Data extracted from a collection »
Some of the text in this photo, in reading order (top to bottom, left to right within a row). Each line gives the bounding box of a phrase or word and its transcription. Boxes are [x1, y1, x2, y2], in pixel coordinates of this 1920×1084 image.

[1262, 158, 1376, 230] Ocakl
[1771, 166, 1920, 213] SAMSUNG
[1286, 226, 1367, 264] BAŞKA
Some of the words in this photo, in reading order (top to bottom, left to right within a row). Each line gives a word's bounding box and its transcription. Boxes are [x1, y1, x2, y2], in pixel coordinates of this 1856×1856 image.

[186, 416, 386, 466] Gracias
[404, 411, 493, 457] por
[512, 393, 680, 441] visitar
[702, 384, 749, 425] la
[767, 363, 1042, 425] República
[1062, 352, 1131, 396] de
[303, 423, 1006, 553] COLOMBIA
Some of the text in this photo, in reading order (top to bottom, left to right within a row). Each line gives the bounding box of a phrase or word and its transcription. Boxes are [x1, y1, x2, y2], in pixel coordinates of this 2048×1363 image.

Your task » Retype the data exactly.

Output for this task »
Some of the text in this photo, in reading order (top to bottom, left to right within a row). Each line gives the bounding box of a phrase or word and its transcription. Boxes are [x1, y1, x2, y2], in pixel coordinates of this 1920×1084 image.

[1262, 158, 1376, 230] Ocakl
[1771, 166, 1920, 213] SAMSUNG
[1286, 226, 1367, 264] BAŞKA
Some of the words in this photo, in reading order (top to bottom, left to right within a row). Each line gives a word's bounding box and its transcription. Boxes are [x1, y1, x2, y2], in pixel coordinates of this 1856×1856 image.

[186, 416, 386, 466] Gracias
[404, 411, 493, 457] por
[512, 393, 680, 441] visitar
[702, 384, 749, 425] la
[767, 363, 1042, 425] República
[1062, 352, 1131, 396] de
[303, 423, 1006, 553] COLOMBIA
Some of the text in this photo, in reading order (top to bottom, left to right within a row). Each line gives the bounding box of a phrase or word and its transcription. Boxes are [x1, y1, x2, y2], in pixel coordinates of this 2048×1363 image.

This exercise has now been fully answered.